Depositions of
proteins in form of
amyloid and non-
amyloid plaques are common pathogenic signs of more than 20 degenerative diseases affecting the central nervous system or a variety of peripheral tissues. Among the neuropathological conditions, Alzheimer's, Parkinson's and the
prion diseases, such as
Creutzfeldt-Jakob disease (CJD), present ambiguities as regarding their differential diagnosis. At present, their diagnosis must be confirmed by post-mortem examination of the brain. Currently the ante-mortem diagnosis is still based on the integration of multiple data (clinical, paraclinical and
biological analyses) because no unique marker exists for such diseases. The detection of specific
biomarkers would be useful to develop a differential diagnostic, distinguishing not only different
neurodegenerative diseases but also the disease from the non-pathological effects of aging.
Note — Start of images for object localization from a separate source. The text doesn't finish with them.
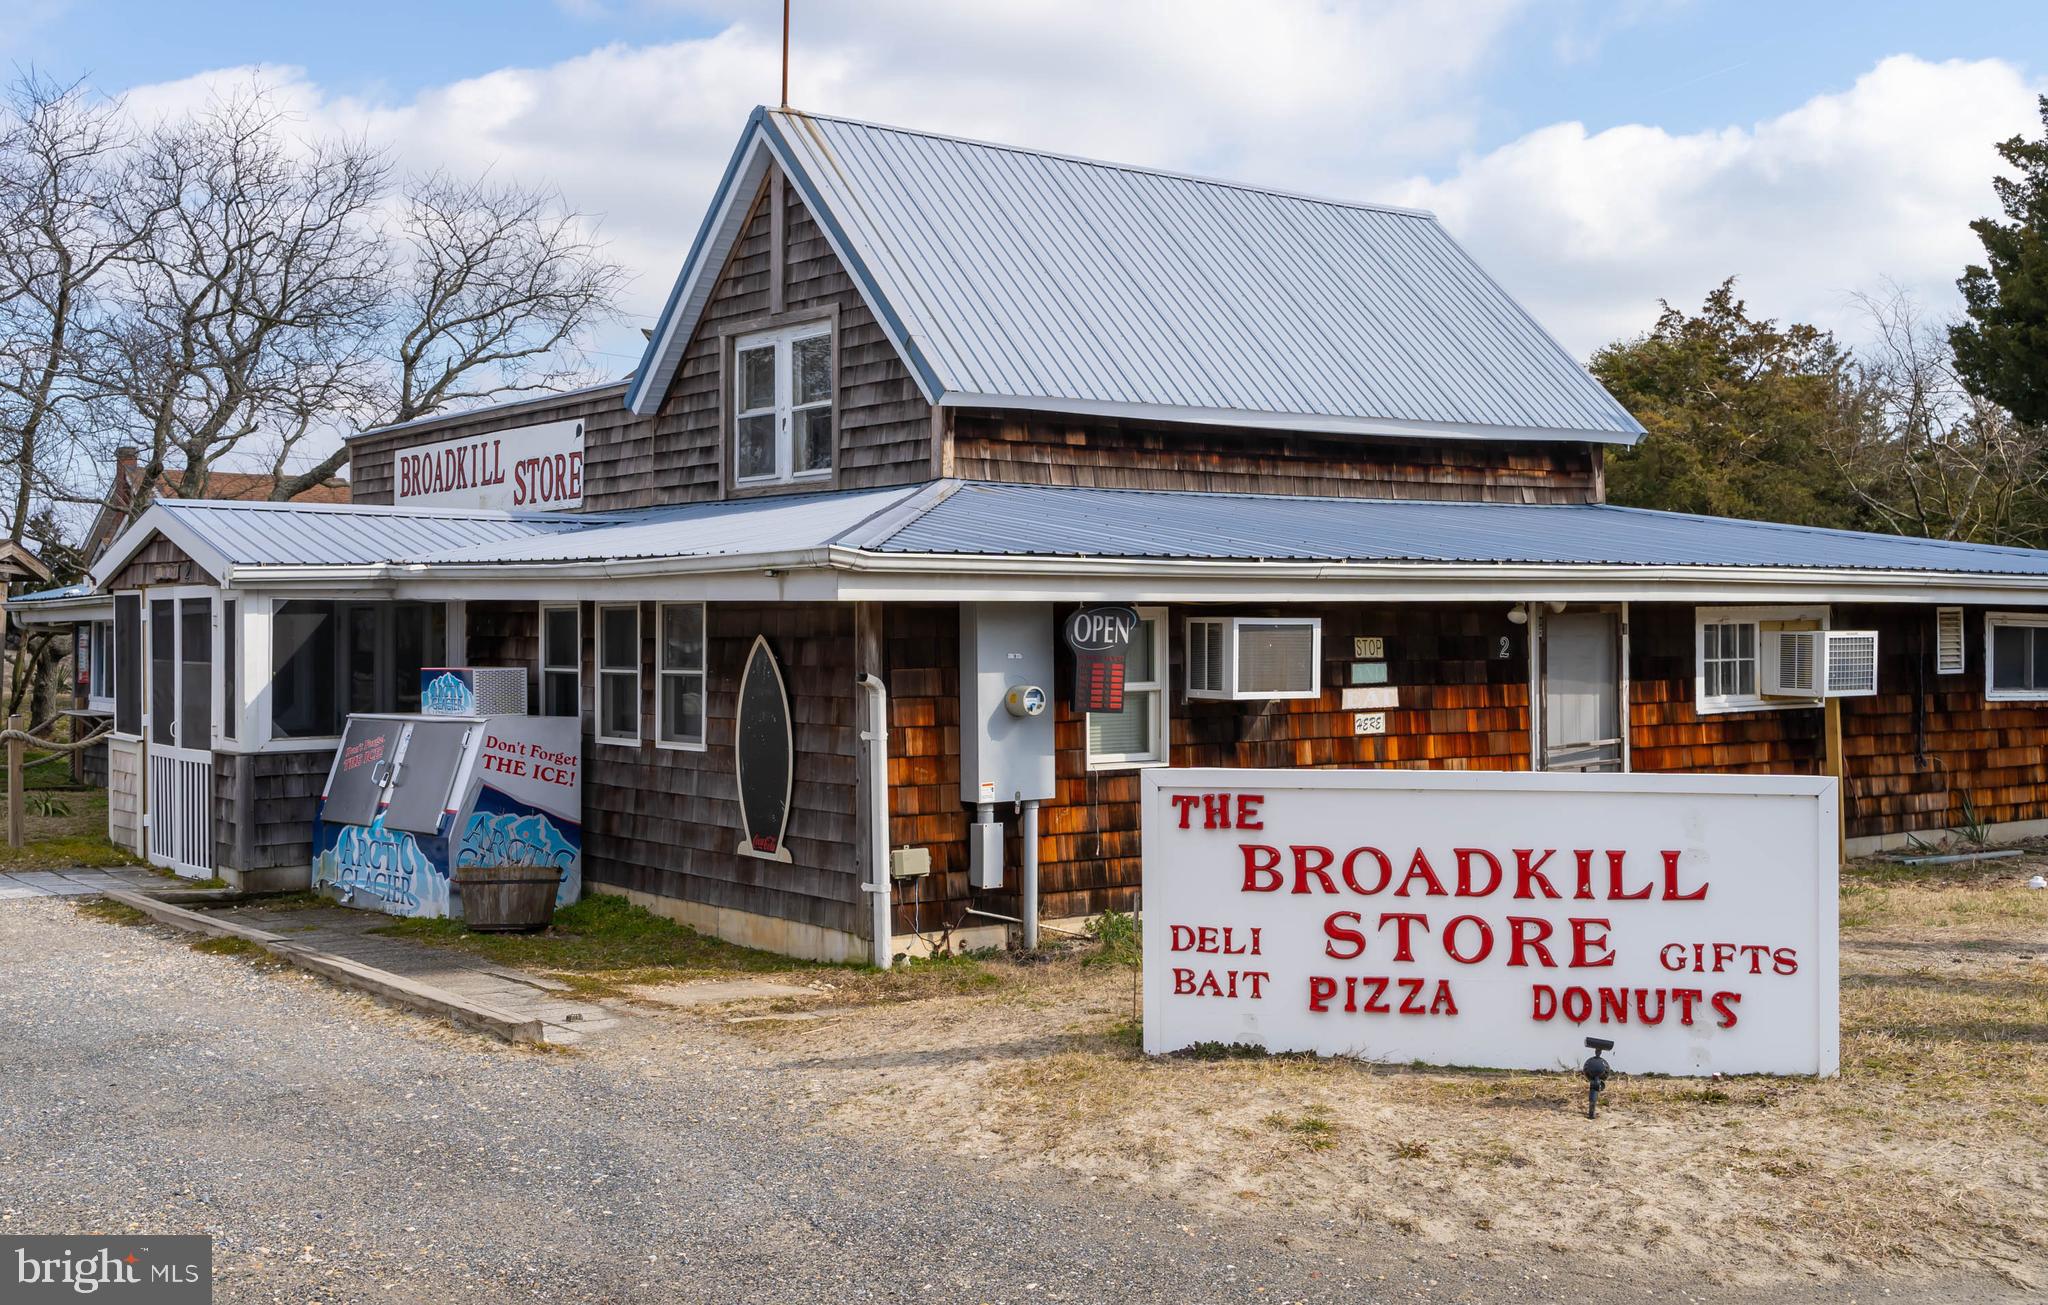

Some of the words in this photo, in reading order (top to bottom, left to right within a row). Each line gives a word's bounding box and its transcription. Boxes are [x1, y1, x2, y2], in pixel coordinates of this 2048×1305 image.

[400, 440, 505, 497] BROADKILL
[514, 451, 583, 505] STORE
[1074, 614, 1130, 644] OPEN
[1356, 639, 1382, 656] STOP
[1499, 635, 1510, 658] 2
[1355, 716, 1382, 731] HERE
[486, 735, 526, 755] Don't
[530, 744, 578, 767] Forget
[482, 754, 527, 777] THE
[532, 764, 576, 787] ICE!
[1172, 794, 1265, 832] THE
[342, 828, 415, 875] ARCTIC
[341, 868, 414, 906] GLACIER
[1239, 843, 1709, 902] BROADKILL
[1170, 925, 1262, 955] DELI
[1324, 911, 1616, 968] STORE
[1660, 943, 1798, 975] GIFTS
[1173, 968, 1270, 999] BAIT
[1309, 975, 1458, 1016] PIZZA
[1533, 984, 1742, 1029] DONUTS
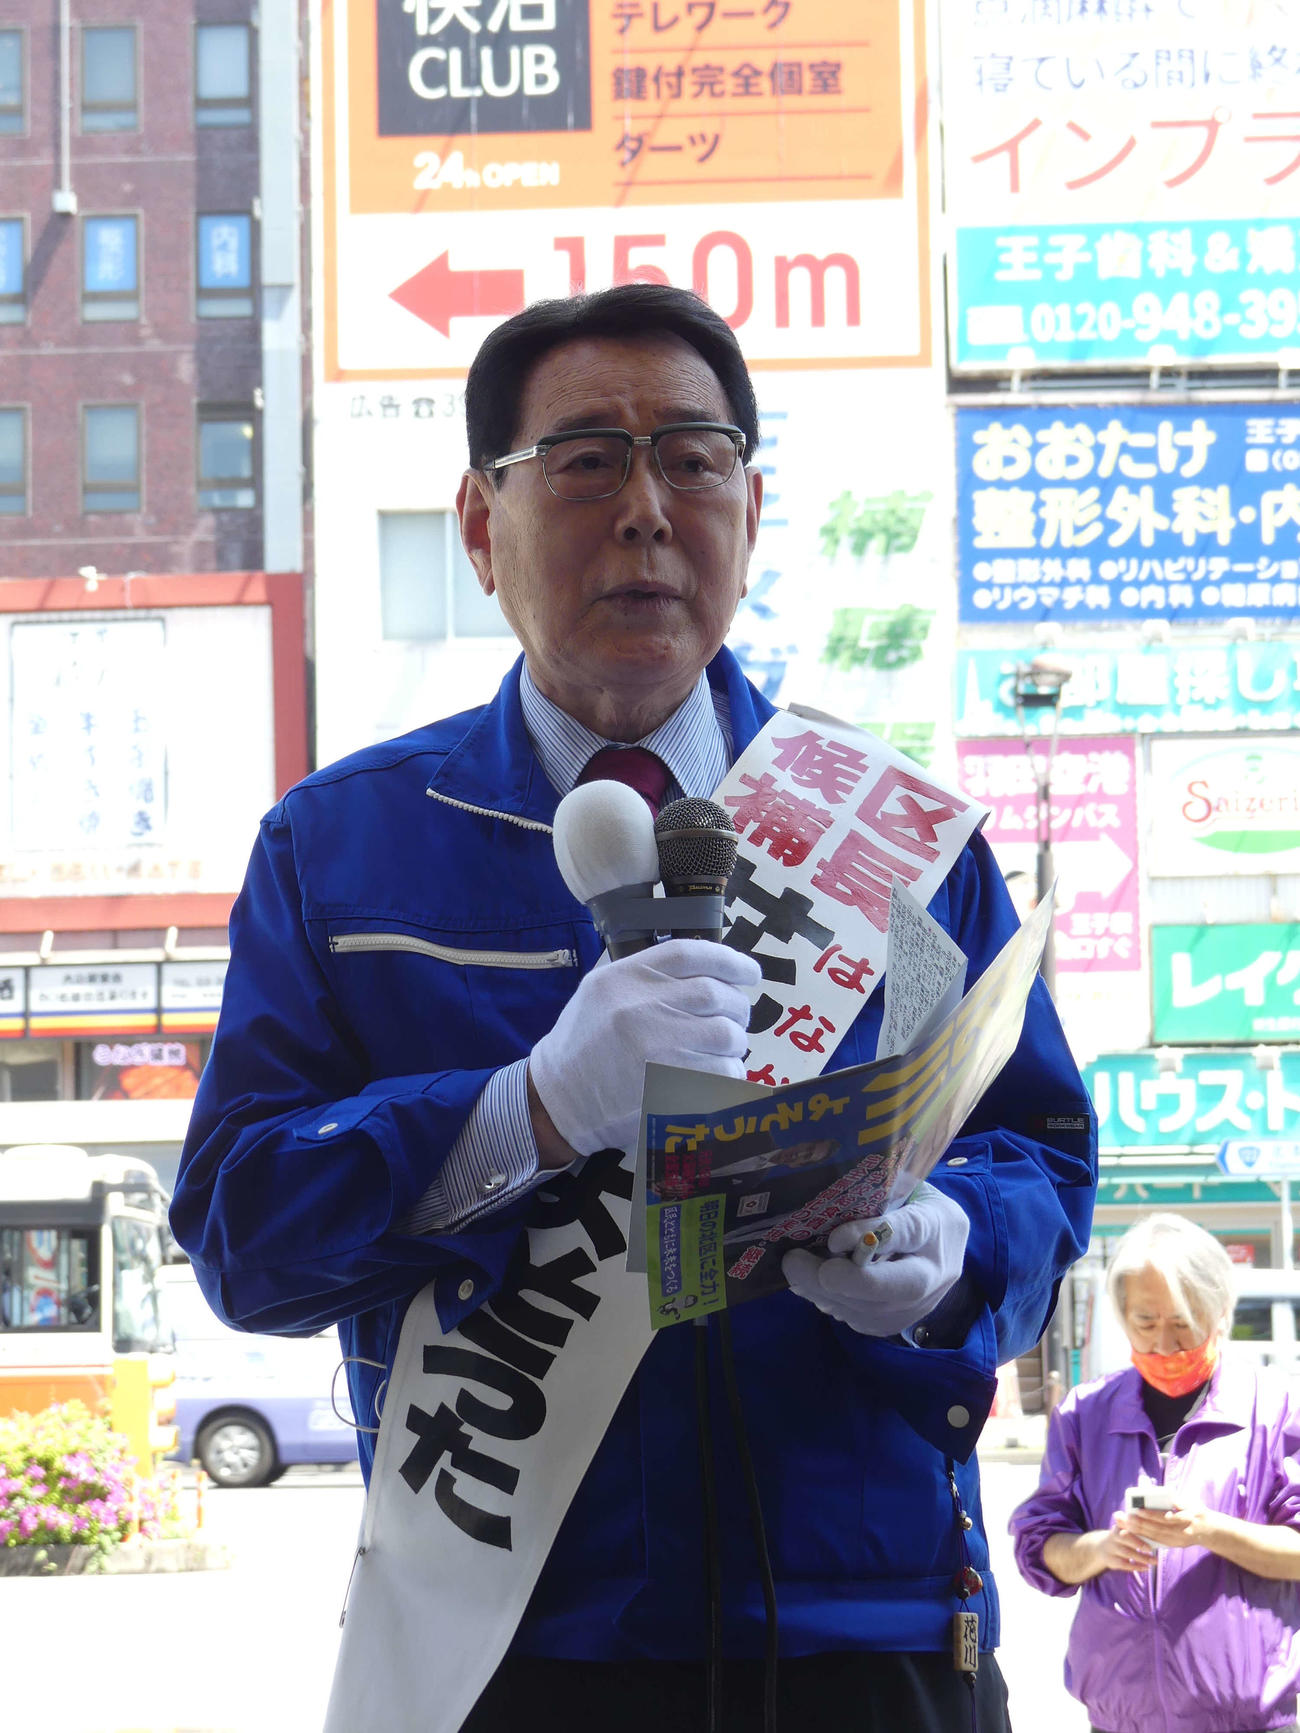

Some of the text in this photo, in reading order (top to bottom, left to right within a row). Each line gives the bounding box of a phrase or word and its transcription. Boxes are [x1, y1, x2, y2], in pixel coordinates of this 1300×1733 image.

Several neurodegenerative
biomarkers are present at very low levels during the early stages of the disease development and their ultra-low detection is needed for early diagnosis, which should permit more effective therapeutic interventions, before the disease concerned can progress to a stage where considerable damage to the brain has already occurred. In the case of
prion diseases, there are concerns regarding not only patient care, but the wider community too, with regard to the risk of transmission of
prions, especially during
blood transfusion, for which, four cases of variant CJD
infection associated with transfusion of non-leukocyte-depleted blood components have been confirmed. Therefore the development of techniques with high sensitivity and specificity represent the major challenge in the field of the
protein misfolding diseases. In this paper we review the current analytical and/or biochemical diagnostic technologies used mainly in
prion, but also in Alzheimer and Parkinson diseases and emphasizing work on the
protein detection as a surrogates and specific
biomarker in the body fluid of patients (urine, CSF and blood). This review highlights the urgency of the development of early and sensitive diagnostics in terms of therapeutic challenge.